Meanwhile, on May 14, 1998, the DARAB issued a Decision[15] affirming the LBP’s valuation.  The dispositive portion states:

WHEREFORE, conformably to the foregoing consideration, this Board hereby AFFIRMS the valuation of P165,739.44 fixed by the Land Bank of the Philippines on the subject 27.5871-hectare agricultural landholding.

The Petition dated October 7, 1995 for determination and payment of Just Compensation filed by the landowner with this forum is hereby DENIED or ordered dismissed without prejudice for want of jurisdiction over the same on the part of this forum.[16]

The RTC Decision

On July 27, 2000, the RTC rendered a Judgment[17] whose dispositive portion reads:

WHEREFORE, judgment is hereby rendered by:

1.)  Fixing the just compensation of the parcel of land owned by plaintiff Honeycomb Farms Corp. under TCT No. T-2550 which is covered by agrarian reform for an area of 27.5871 hectares at P931,109.20 subject to the lien for the docket fee of the amount in excess of P725,000.00 as pleaded for by herein plaintiff in its complaint;

2.)  Ordering the defendants to pay jointly and severally the plaintiff an attorney’s fee equivalent to 10% of the total just compensation.[18]

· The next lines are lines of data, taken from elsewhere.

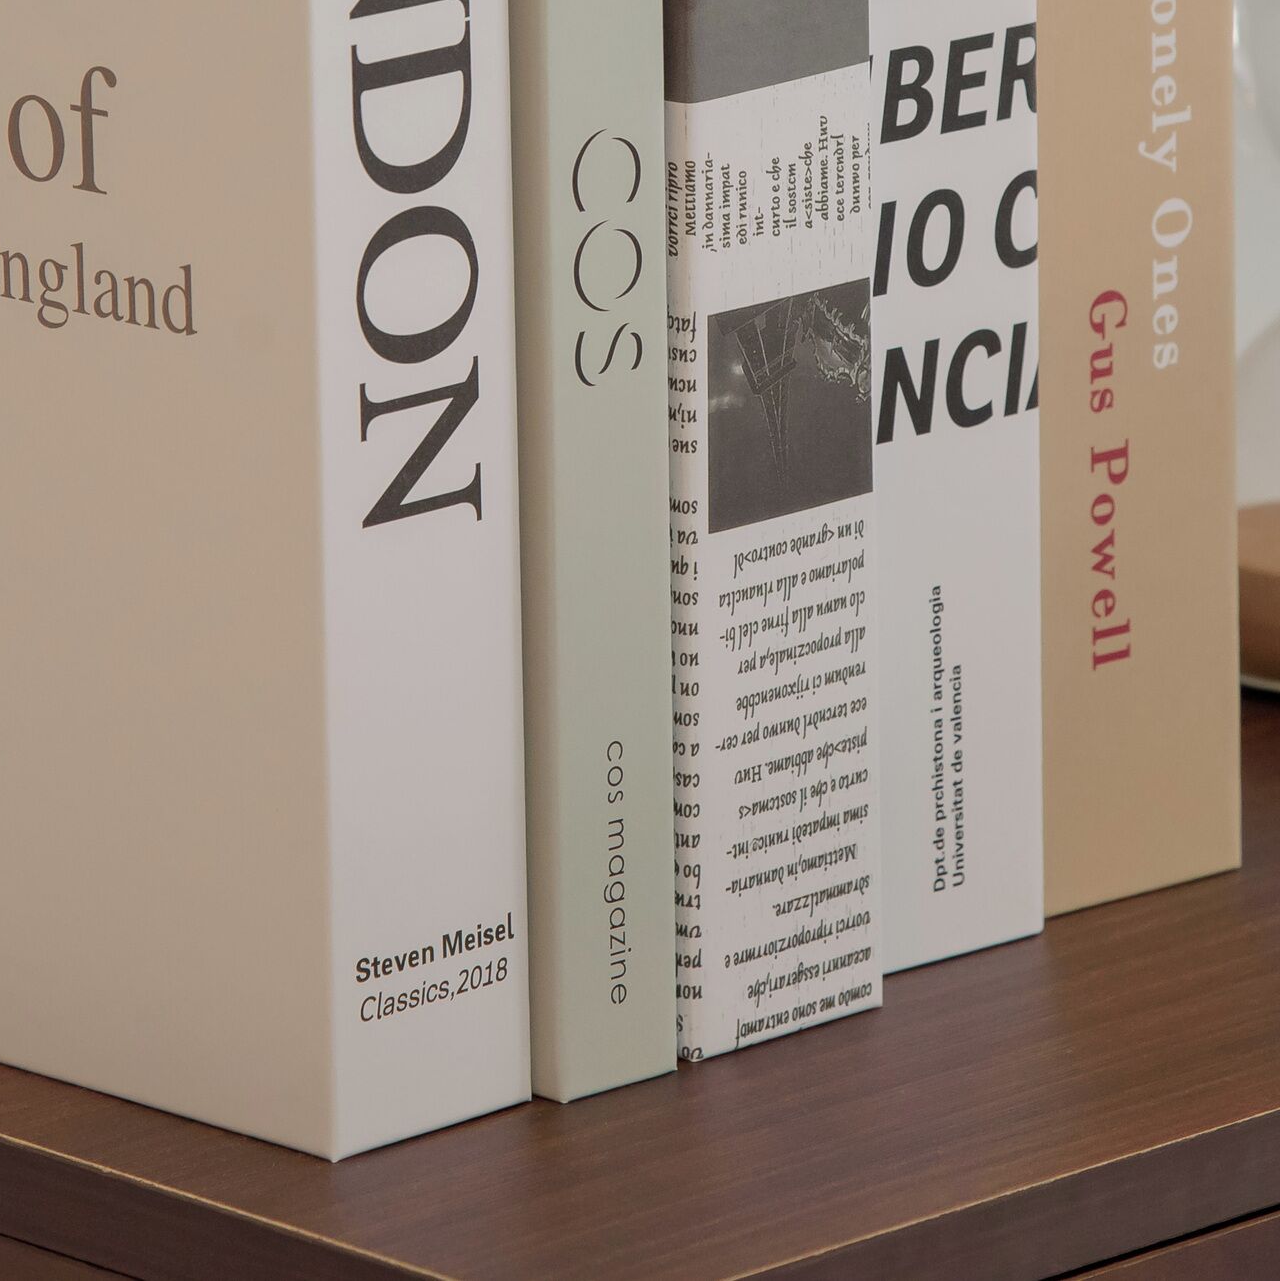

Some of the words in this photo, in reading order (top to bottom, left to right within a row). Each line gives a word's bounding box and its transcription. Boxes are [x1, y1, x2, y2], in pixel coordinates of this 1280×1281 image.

[869, 22, 1037, 145] BER
[7, 65, 118, 196] of
[851, 134, 864, 160] per
[718, 162, 735, 211] impat
[735, 169, 748, 220] runico
[771, 184, 781, 193] e
[752, 205, 765, 237] int-
[770, 197, 781, 238] curto
[835, 197, 846, 222] ece
[718, 211, 732, 249] sima
[572, 127, 643, 387] COS
[1150, 194, 1194, 372] Ones
[1087, 288, 1131, 414] Gus
[809, 549, 864, 583] polariamo
[1090, 436, 1132, 672] Powell
[776, 574, 798, 602] alla
[801, 572, 807, 585] e
[792, 605, 814, 633] alla
[844, 626, 866, 653] alla
[928, 585, 945, 701] arqueologia
[737, 650, 757, 675] per
[850, 697, 867, 714] ece
[949, 665, 963, 745] valencia
[741, 721, 760, 746] per
[605, 740, 627, 805] cos
[951, 750, 964, 774] de
[830, 776, 836, 792] e
[838, 768, 868, 790] curto
[799, 786, 808, 813] il
[843, 804, 869, 826] sima
[951, 778, 966, 887] Universitat
[604, 818, 632, 1006] magazine
[355, 943, 435, 983] Steven
[442, 912, 515, 960] Meisel
[360, 957, 508, 1022] Classics,2018
[819, 994, 836, 1012] me
[792, 1001, 817, 1022] sono

Owing to the parties’ conflicting valuations, the SAC made its own valuation and briefly concluded that:

A judicious evaluation of the evidence on record shows that the subject area is sporadically planted to (sic) coconut and corn as is not fully develop (sic) when the government conducted its ocular inspection and thereafter took over possession of the same although majority of it is a fertile grass land and undisputedly deemed suitable to agriculture.  However, the parcel of land under consideration is located in the side of the road.  It is likewise of judicial notice that it is situated near the commercial district of Curvada, Cataingan, Masbate.  In the light of the foregoing premises, the Court is of the opinion and so holds that the just compensation for the land of herein plaintiff corporation under TCT No. T-2550 covered by agrarian reform is P32,000.00 per hectare or P882,787.20 for the area of 27.58571 hectares plus consequential damages at the same value (P32,000.00) per hectare for the remaining 1.5095 hectares of the plaintiff’s property left and rendered useless by the compulsory coverage or for the total sum of P931,109.20.[19] (emphasis ours)

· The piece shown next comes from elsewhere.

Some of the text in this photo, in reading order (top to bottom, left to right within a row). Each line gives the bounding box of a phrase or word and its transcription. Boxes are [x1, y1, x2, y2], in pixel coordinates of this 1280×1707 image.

Both parties appealed to the CA.

HFC argued that the RTC erred in its determination of just compensation; the amount of P931,109.20 is not supported by the evidence on record while its presented evidence correctly shows that the market value of the land at the time of taking was P113,000.00 per hectare.[20]

The LBP raised the threshold issue of whether the SAC had jurisdiction to hear HFC’s complaint because of the pending DARAB proceedings, emphasizing that the completion of the administrative proceedings before the DARAB is a condition precedent for the filing of a complaint for the determination of just compensation before the SAC.  The LBP also argued that the RTC committed a serious error when it took judicial notice of the property’s roadside location, its proximity to a commercial district, its incomplete development as coconut and corn land, and its condition as grassland, to determine just compensation; thereby, it  effectively eschewed the formula for fixing just compensation, provided under DAR Administrative Order No. 6, series of 1992.[21] Lastly, the LBP questioned the award of consequential damages and attorney’s fees for lack of legal and factual basis.[22]

The CA Decision

The CA, in its January 28, 2004 Decision, reversed the RTC Judgment and dismissed HFC’s complaint for failure to exhaust administrative remedies that Section 16(f) of RA 6657 requires. The CA ruled that the LBP “made a procedural [shortcut]” when it filed the complaint with the SAC without waiting for the DARAB’s decision.[23]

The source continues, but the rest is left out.